The downtown high-end market has become more crowded recently with the construction of the $100 million Conrad Indianapolis and the $450 million JW Marriott complex. The Alexander, a high-end boutique hotel property with 209 rooms, opened in January.
“You’ve had so many hotels open downtown with great quality offerings, and the Canterbury just couldn’t compete,” Stimson said. “This is what we do. We find undercapitalized hotels and fix them.”
Since 1992, RockBridge has invested nearly $3 billion in hotels across the country, according to its website.
One key element to RockBridge’s plan to revive the Canterbury’s relevance is to affiliate the hotel with Starwood Hotels & Resorts. It will adopt Starwood’s luxurious Le Meridien brand, and carry the full name Le Meridien Indianapolis Canterbury Hotel.
The value of the affiliation is the ability to connect with business travelers and vacationing guests who subscribe to Starwood’s rewards system, as well as the name recognition that comes from Starwood and the brand.
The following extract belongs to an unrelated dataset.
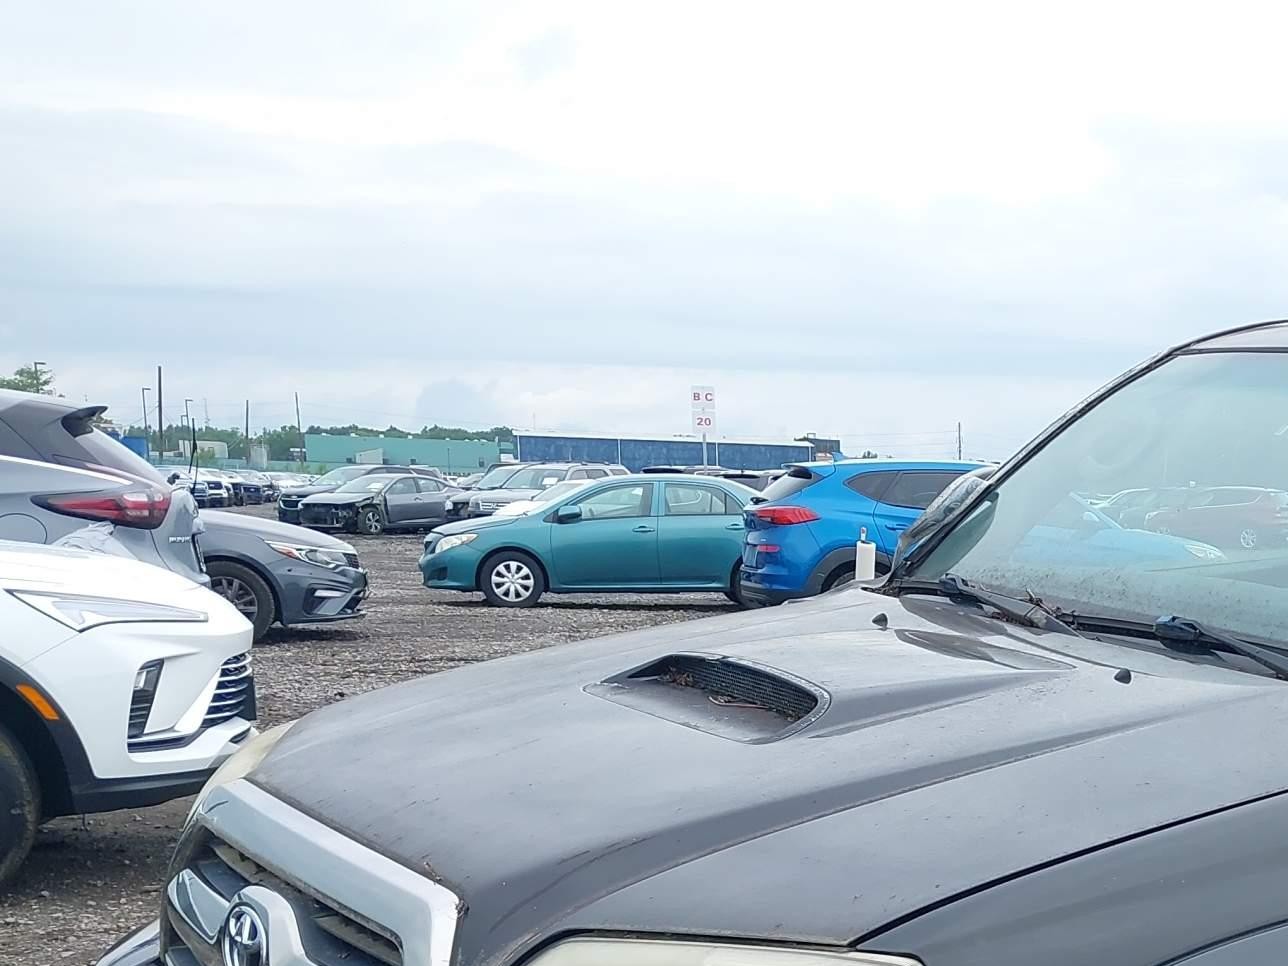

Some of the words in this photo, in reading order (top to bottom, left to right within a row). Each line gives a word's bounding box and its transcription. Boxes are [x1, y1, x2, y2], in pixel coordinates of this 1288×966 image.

“Some business travelers—some of the road warriors out there—are Starwood guys, and they want their Starwood points,” Stimson said. “Some corporations have aligned with particular brands. A lot of companies can’t stay in the Canterbury right now, and that is a huge amount of business that the hotel is missing.”
The Canterbury Kitchen & Bar also will close during the renovation, Stimson said.
“With what we’re doing with the elevators and reconfiguration of space on the first and second floors, you’re just going to make people mad with the construction, and that doesn’t help anybody,” he said.